### PROBLEM DETAILS
Every line in the listing is to be echoed verbatim.

### AVAILABLE DATA
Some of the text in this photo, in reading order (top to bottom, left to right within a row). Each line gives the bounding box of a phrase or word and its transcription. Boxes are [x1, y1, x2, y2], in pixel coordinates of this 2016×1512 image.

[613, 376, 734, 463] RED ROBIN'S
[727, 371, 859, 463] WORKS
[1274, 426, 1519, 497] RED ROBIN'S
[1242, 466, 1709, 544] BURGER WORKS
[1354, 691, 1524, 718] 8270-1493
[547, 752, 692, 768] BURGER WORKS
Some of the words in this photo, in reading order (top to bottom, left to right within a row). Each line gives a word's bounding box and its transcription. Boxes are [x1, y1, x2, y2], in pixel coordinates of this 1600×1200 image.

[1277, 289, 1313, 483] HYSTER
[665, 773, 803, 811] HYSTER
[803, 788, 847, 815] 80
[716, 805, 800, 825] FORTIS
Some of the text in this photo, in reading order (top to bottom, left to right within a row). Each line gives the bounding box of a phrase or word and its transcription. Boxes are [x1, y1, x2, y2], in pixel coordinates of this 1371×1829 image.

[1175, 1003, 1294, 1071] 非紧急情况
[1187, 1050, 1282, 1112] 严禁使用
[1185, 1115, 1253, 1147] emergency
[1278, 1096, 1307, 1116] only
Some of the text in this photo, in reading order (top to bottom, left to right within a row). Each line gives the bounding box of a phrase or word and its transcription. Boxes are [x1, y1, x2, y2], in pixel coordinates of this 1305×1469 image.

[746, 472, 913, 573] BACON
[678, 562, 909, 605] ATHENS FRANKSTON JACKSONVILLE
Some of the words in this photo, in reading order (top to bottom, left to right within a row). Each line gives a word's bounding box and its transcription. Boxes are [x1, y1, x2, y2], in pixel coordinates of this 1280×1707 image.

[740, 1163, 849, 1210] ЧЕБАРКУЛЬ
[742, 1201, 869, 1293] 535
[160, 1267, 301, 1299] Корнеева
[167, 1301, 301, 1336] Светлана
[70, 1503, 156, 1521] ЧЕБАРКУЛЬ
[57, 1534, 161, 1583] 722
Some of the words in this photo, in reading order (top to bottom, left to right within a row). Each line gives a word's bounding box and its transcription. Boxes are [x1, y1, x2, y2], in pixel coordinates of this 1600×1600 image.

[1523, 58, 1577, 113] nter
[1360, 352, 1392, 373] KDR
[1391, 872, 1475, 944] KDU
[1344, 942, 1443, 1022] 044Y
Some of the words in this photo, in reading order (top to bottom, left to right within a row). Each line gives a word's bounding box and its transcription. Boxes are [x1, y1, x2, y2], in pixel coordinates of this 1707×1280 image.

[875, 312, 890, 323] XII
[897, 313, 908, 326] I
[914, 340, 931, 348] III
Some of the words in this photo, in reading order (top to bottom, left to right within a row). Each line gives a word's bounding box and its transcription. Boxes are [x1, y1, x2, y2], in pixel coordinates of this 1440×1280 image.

### RESPONSE TO THE EXERCISE
Some of the text in this photo, in reading order (top to bottom, left to right within a row). Each line gives the bounding box of a phrase or word and its transcription. Boxes are [x1, y1, x2, y2], in pixel coordinates of this 2016×1512 image.

[613, 376, 734, 463] RED ROBIN'S
[727, 371, 859, 463] WORKS
[1274, 426, 1519, 497] RED ROBIN'S
[1242, 466, 1709, 544] BURGER WORKS
[1354, 691, 1524, 718] 8270-1493
[547, 752, 692, 768] BURGER WORKS
Some of the words in this photo, in reading order (top to bottom, left to right within a row). Each line gives a word's bounding box and its transcription. Boxes are [x1, y1, x2, y2], in pixel coordinates of this 1600×1200 image.

[1277, 289, 1313, 483] HYSTER
[665, 773, 803, 811] HYSTER
[803, 788, 847, 815] 80
[716, 805, 800, 825] FORTIS
Some of the text in this photo, in reading order (top to bottom, left to right within a row). Each line gives the bounding box of a phrase or word and its transcription. Boxes are [x1, y1, x2, y2], in pixel coordinates of this 1371×1829 image.

[1175, 1003, 1294, 1071] 非紧急情况
[1187, 1050, 1282, 1112] 严禁使用
[1185, 1115, 1253, 1147] emergency
[1278, 1096, 1307, 1116] only
Some of the text in this photo, in reading order (top to bottom, left to right within a row). Each line gives the bounding box of a phrase or word and its transcription. Boxes are [x1, y1, x2, y2], in pixel coordinates of this 1305×1469 image.

[746, 472, 913, 573] BACON
[678, 562, 909, 605] ATHENS FRANKSTON JACKSONVILLE
Some of the words in this photo, in reading order (top to bottom, left to right within a row). Each line gives a word's bounding box and its transcription. Boxes are [x1, y1, x2, y2], in pixel coordinates of this 1280×1707 image.

[740, 1163, 849, 1210] ЧЕБАРКУЛЬ
[742, 1201, 869, 1293] 535
[160, 1267, 301, 1299] Корнеева
[167, 1301, 301, 1336] Светлана
[70, 1503, 156, 1521] ЧЕБАРКУЛЬ
[57, 1534, 161, 1583] 722
Some of the words in this photo, in reading order (top to bottom, left to right within a row). Each line gives a word's bounding box and its transcription. Boxes are [x1, y1, x2, y2], in pixel coordinates of this 1600×1600 image.

[1523, 58, 1577, 113] nter
[1360, 352, 1392, 373] KDR
[1391, 872, 1475, 944] KDU
[1344, 942, 1443, 1022] 044Y
Some of the words in this photo, in reading order (top to bottom, left to right within a row). Each line gives a word's bounding box and its transcription. Boxes are [x1, y1, x2, y2], in pixel coordinates of this 1707×1280 image.

[875, 312, 890, 323] XII
[897, 313, 908, 326] I
[914, 340, 931, 348] III
Some of the words in this photo, in reading order (top to bottom, left to right within a row). Each line gives a word's bounding box and its transcription. Boxes are [x1, y1, x2, y2], in pixel coordinates of this 1440×1280 image.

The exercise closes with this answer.